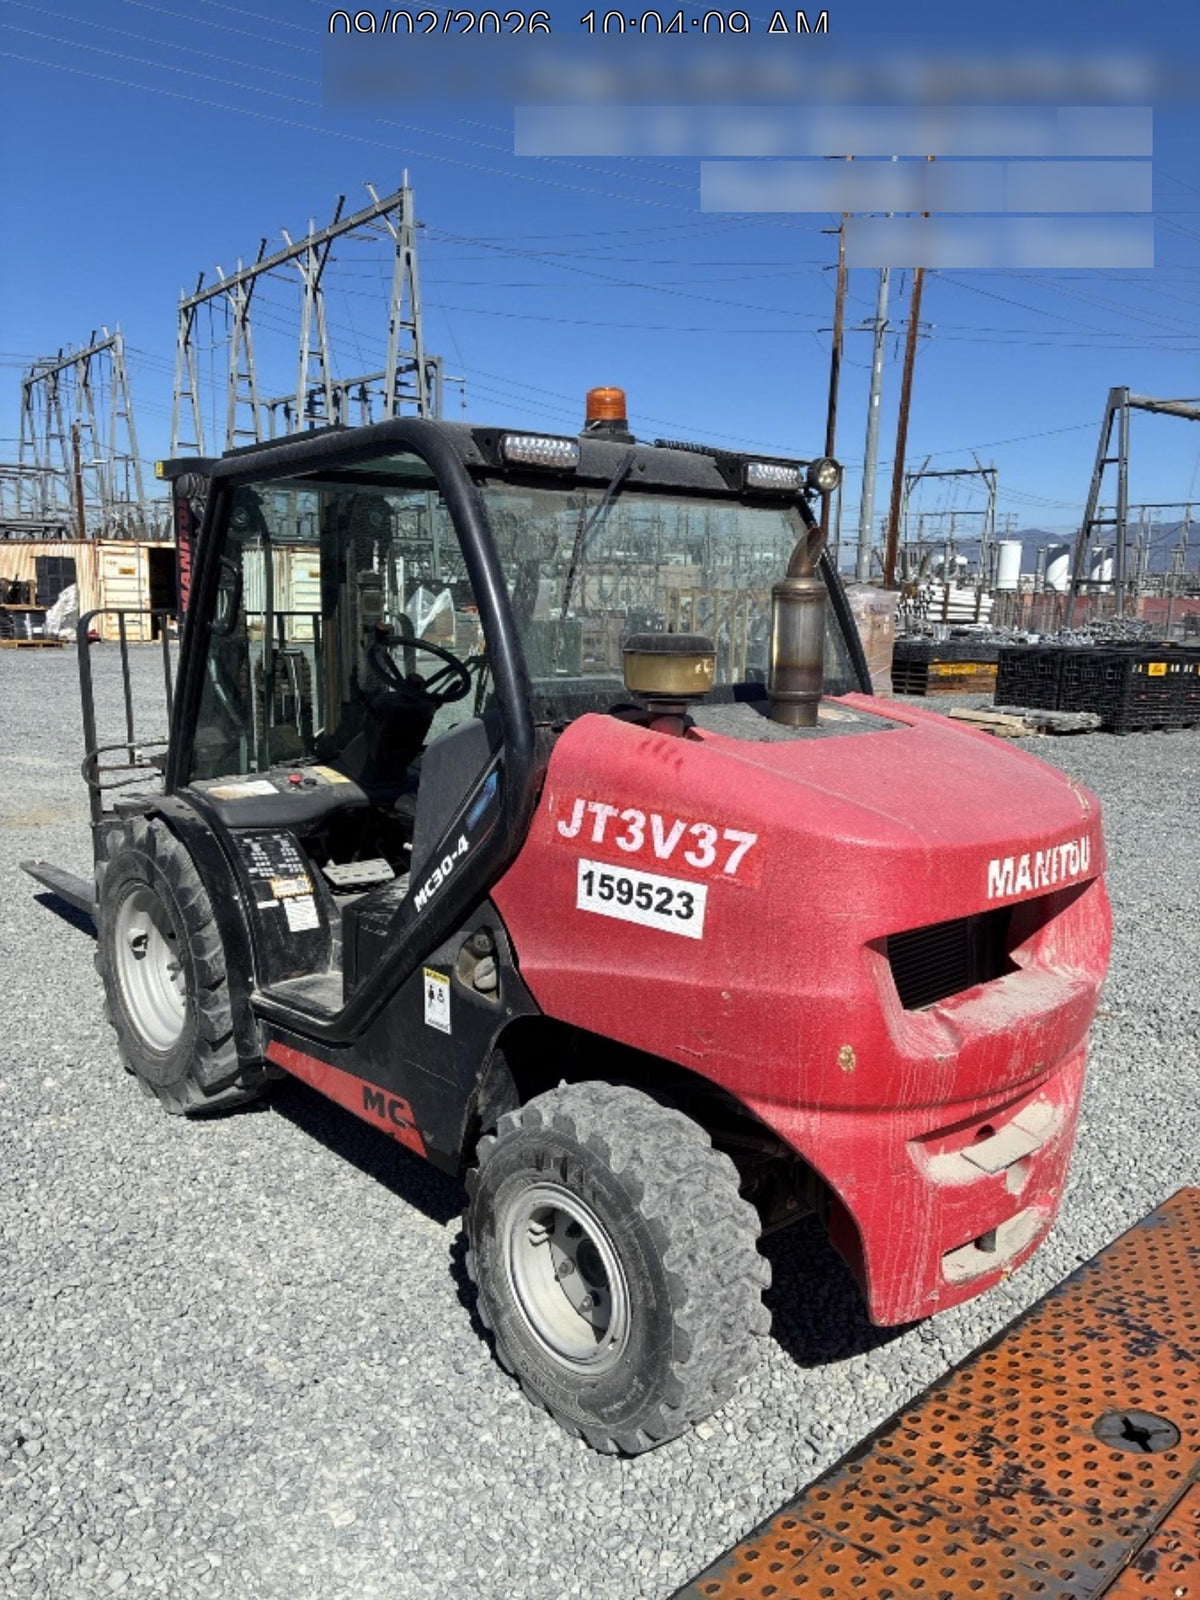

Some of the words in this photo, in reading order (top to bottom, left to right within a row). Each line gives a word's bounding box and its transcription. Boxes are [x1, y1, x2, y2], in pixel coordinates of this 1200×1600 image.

[557, 798, 758, 875] JT3V37
[987, 835, 1091, 899] MANITOU
[413, 833, 470, 913] MC30-4
[582, 870, 694, 920] 159523
[362, 1085, 405, 1129] MC
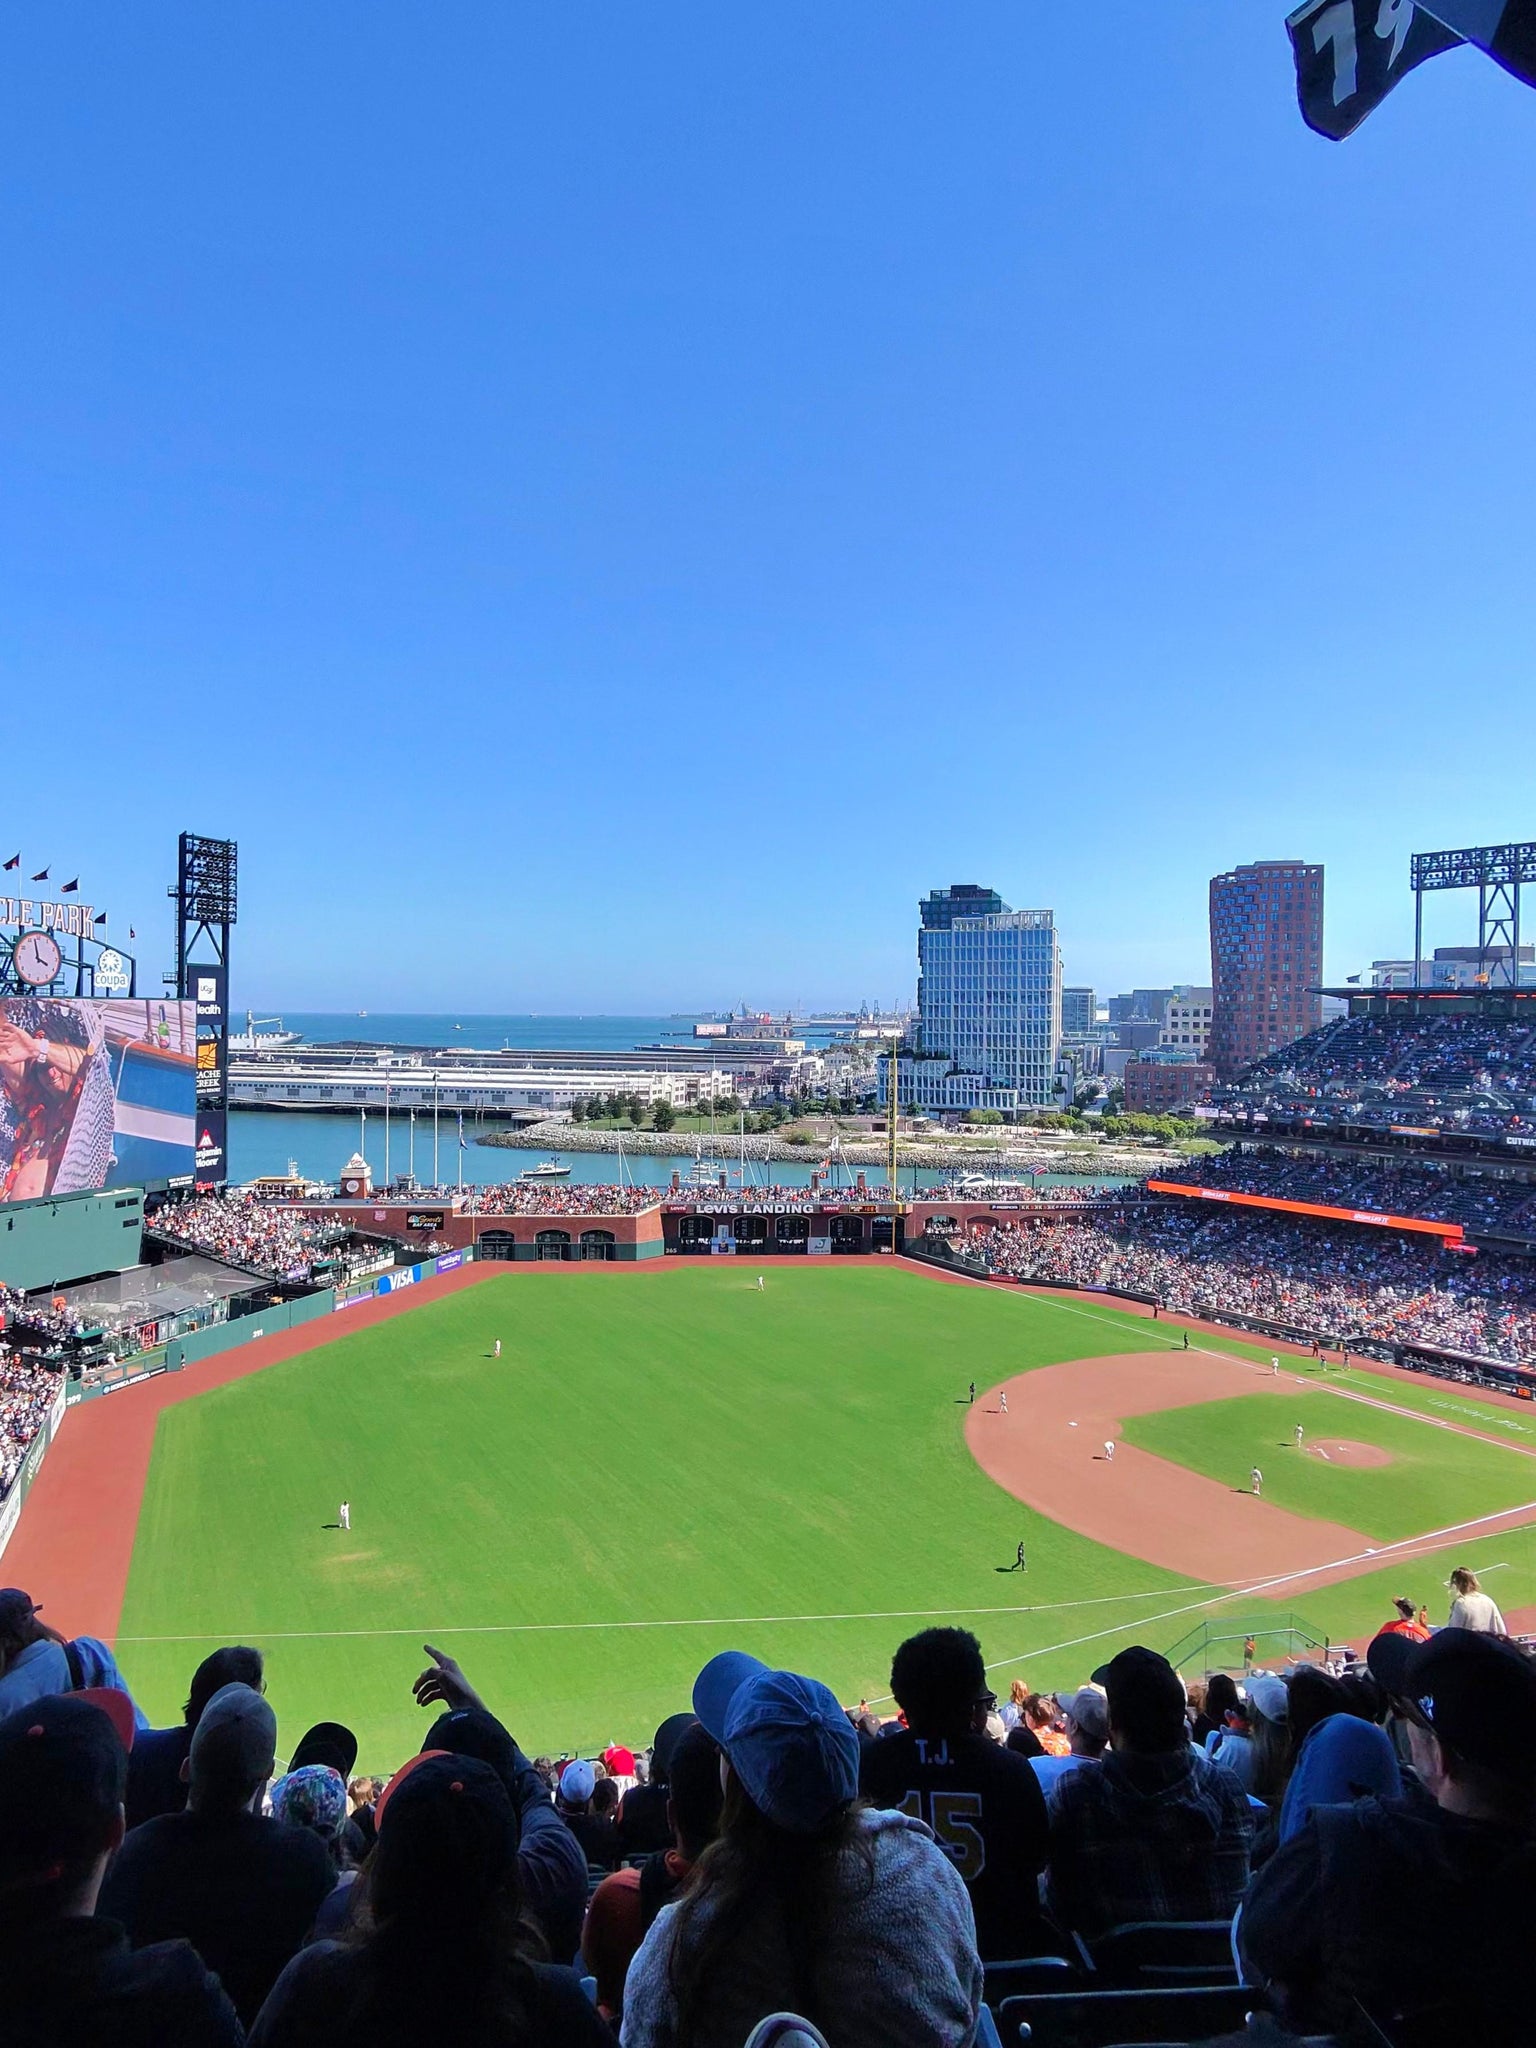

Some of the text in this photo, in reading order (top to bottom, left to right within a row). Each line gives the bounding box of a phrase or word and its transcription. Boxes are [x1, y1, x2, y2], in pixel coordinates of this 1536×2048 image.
---
- Task statement -
The entries are to be restated word for word, and no picture should appear in the copy.

- Answer to the exercise -
Some of the words in this photo, in reading order (top to bottom, left to right within a row). Each line gives a word's bounding box and its transcription. Boxes are [x1, y1, x2, y2], in pixel coordinates of this 1200×1600 image.

[557, 798, 758, 875] JT3V37
[987, 835, 1091, 899] MANITOU
[413, 833, 470, 913] MC30-4
[582, 870, 694, 920] 159523
[362, 1085, 405, 1129] MC

Some of the text in this photo, in reading order (top to bottom, left to right within a row). Each line gives the bounding box of a phrase or word and its transcription. Boxes are [x1, y1, x2, y2], in pixel coordinates of this 1536×2048 image.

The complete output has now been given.